After weeks of uncertainty as to whether Congress would reach a deal to fund the government and avoid a shutdown, earlier this week Congress passed a continuing resolution bill which funds the government through the end of the year. But this delay will only last a matter of months. In the meantime, Congress is still debating what to do with President Biden’s request for emergency supplemental funding to address the situation at the southern border.

Reaching a deal on this request may be hard, especially as GOP leaders have demanded that any funding for Ukraine or other emergency priorities come with significant changes to border policy. On November 6, a group of GOP senators, led by Senators Lankford and Cotton, put out a list of demands for changes to immigration law in exchange for supporting Ukraine and parts of the supplemental.

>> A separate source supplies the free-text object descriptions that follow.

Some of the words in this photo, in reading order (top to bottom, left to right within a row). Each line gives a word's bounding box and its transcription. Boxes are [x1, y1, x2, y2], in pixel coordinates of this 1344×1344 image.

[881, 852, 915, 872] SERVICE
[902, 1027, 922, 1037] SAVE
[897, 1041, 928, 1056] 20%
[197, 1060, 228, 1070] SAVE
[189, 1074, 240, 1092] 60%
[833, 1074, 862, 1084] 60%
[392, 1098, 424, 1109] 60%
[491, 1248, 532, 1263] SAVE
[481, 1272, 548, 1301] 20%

The Senate GOP Working Group proposal largely adopts the language of HR2, the “Secure the Border Act.” It passed the House earlier this year without a single Democratic vote.

Ending Humanitarian Protections

The proposal amounts to a near-complete end to humanitarian protections, which have existed since 1980. The proposal would ban asylum to all but a handful of individuals who are either Mexican or who already possess a visa and can afford to fly here on a nonstop from their home country. This is because the proposal would ban asylum to any person who traveled through a third country on their way to the United States, even if their stay was as short as a few hours or the country was highly dangerous for migrants.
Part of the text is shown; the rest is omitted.